* **Exercise**
Only the final stretch of the data is wanted: reproduce the line containing "Some of the text" and each line after it, exactly.

* **Available records**
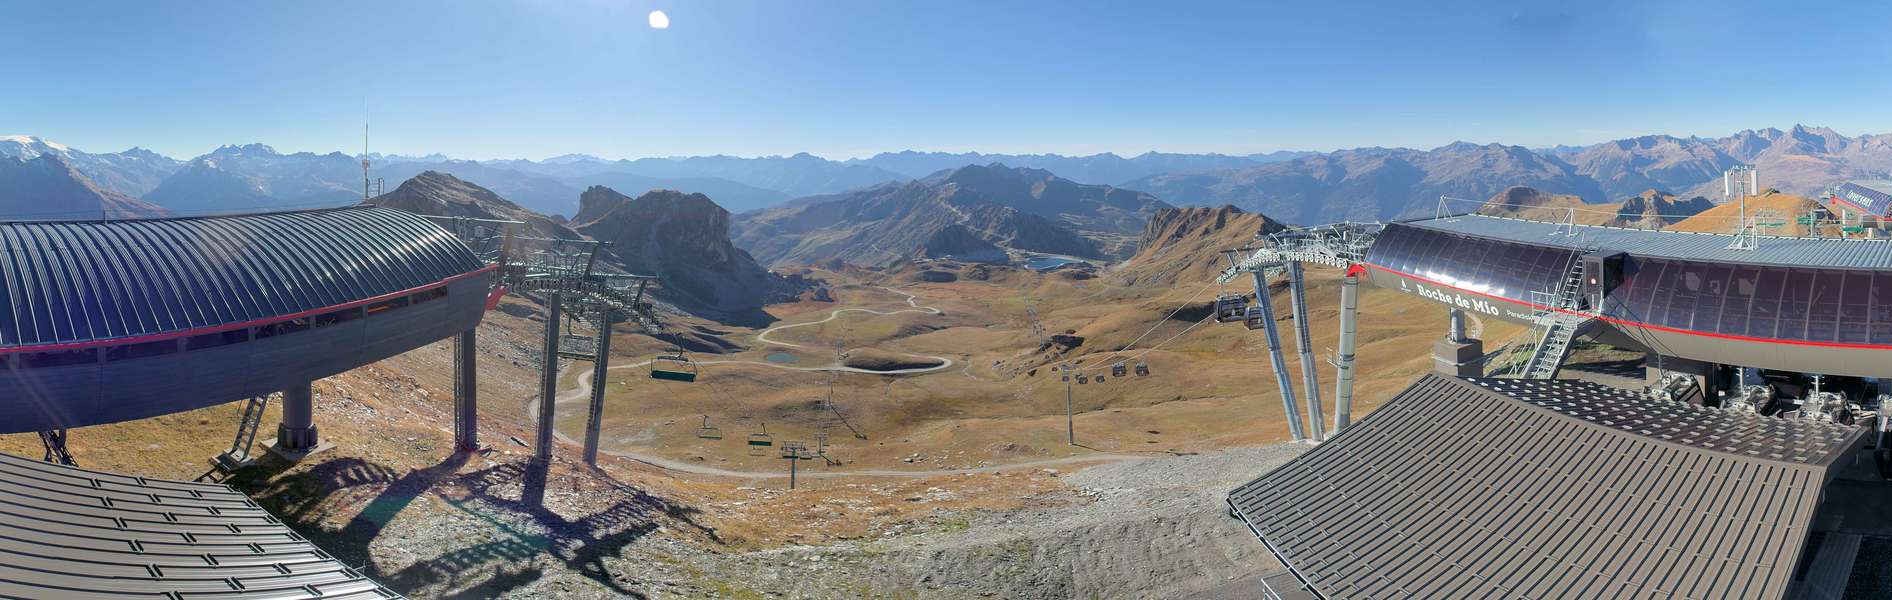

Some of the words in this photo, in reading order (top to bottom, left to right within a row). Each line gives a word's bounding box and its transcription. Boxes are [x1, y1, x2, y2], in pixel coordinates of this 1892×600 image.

[1846, 190, 1873, 207] Inversens
[1416, 283, 1452, 304] Roche
[1455, 294, 1470, 309] de
[1472, 298, 1499, 316] Mio
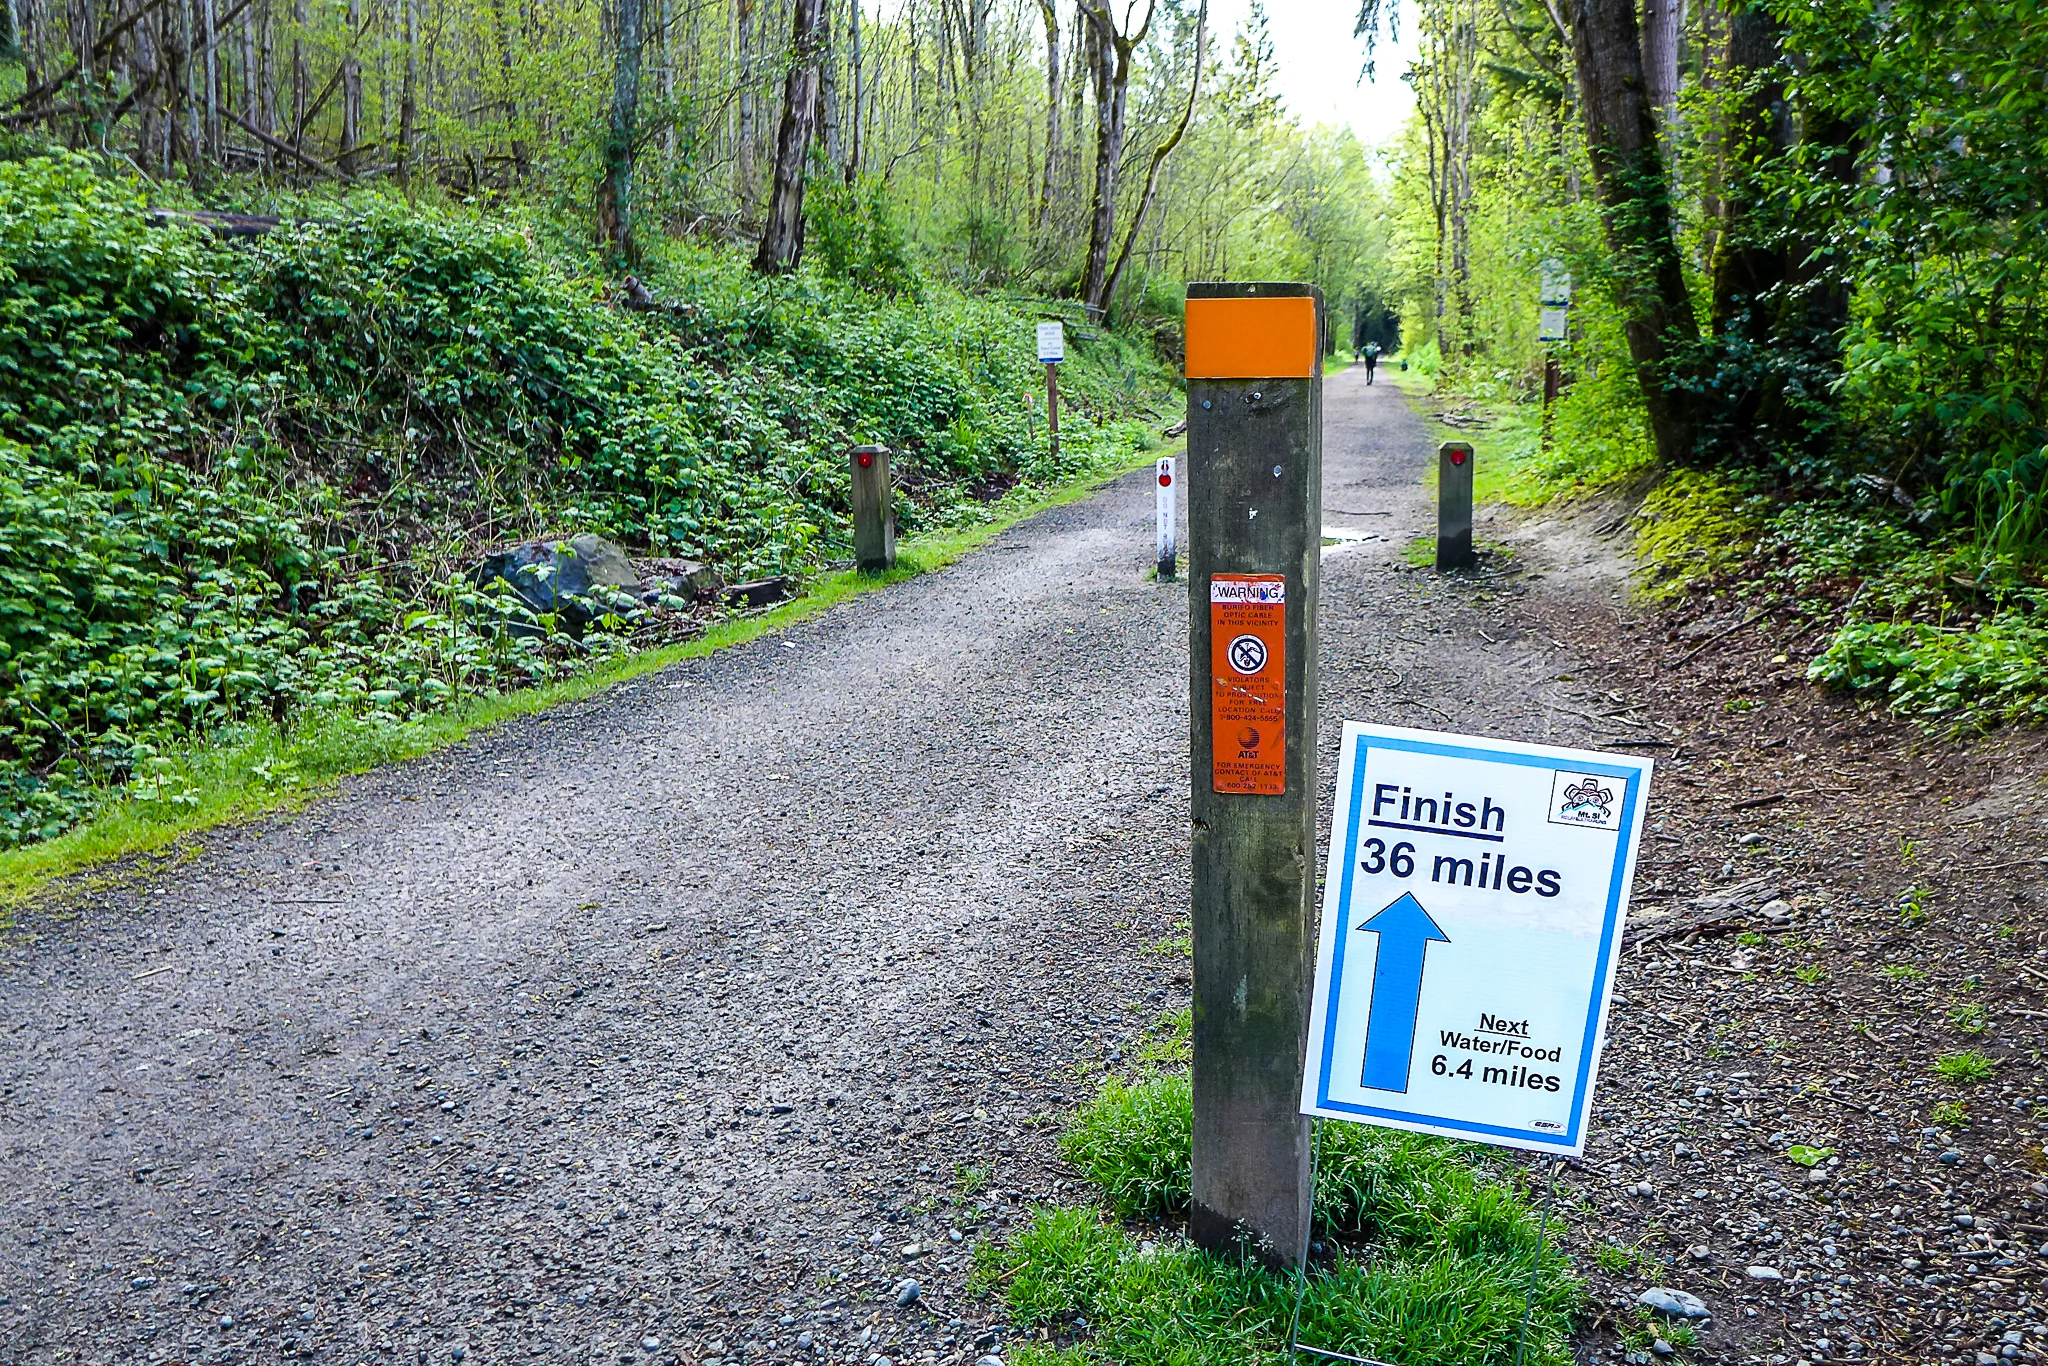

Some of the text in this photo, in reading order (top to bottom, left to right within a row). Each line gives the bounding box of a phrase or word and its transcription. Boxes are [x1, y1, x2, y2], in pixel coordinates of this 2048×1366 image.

[1217, 587, 1279, 598] WARNING
[1234, 762, 1280, 770] EMERGENCY
[1238, 751, 1259, 759] AT&T
[1372, 783, 1505, 832] Finish
[1360, 837, 1562, 898] 36 miles
[1479, 1013, 1529, 1036] Next
[1440, 1030, 1562, 1063] Water/Food
[1431, 1054, 1561, 1093] 6.4 miles

* **Task result**
Some of the text in this photo, in reading order (top to bottom, left to right within a row). Each line gives the bounding box of a phrase or word and its transcription. Boxes are [x1, y1, x2, y2], in pixel coordinates of this 2048×1366 image.

[1217, 587, 1279, 598] WARNING
[1234, 762, 1280, 770] EMERGENCY
[1238, 751, 1259, 759] AT&T
[1372, 783, 1505, 832] Finish
[1360, 837, 1562, 898] 36 miles
[1479, 1013, 1529, 1036] Next
[1440, 1030, 1562, 1063] Water/Food
[1431, 1054, 1561, 1093] 6.4 miles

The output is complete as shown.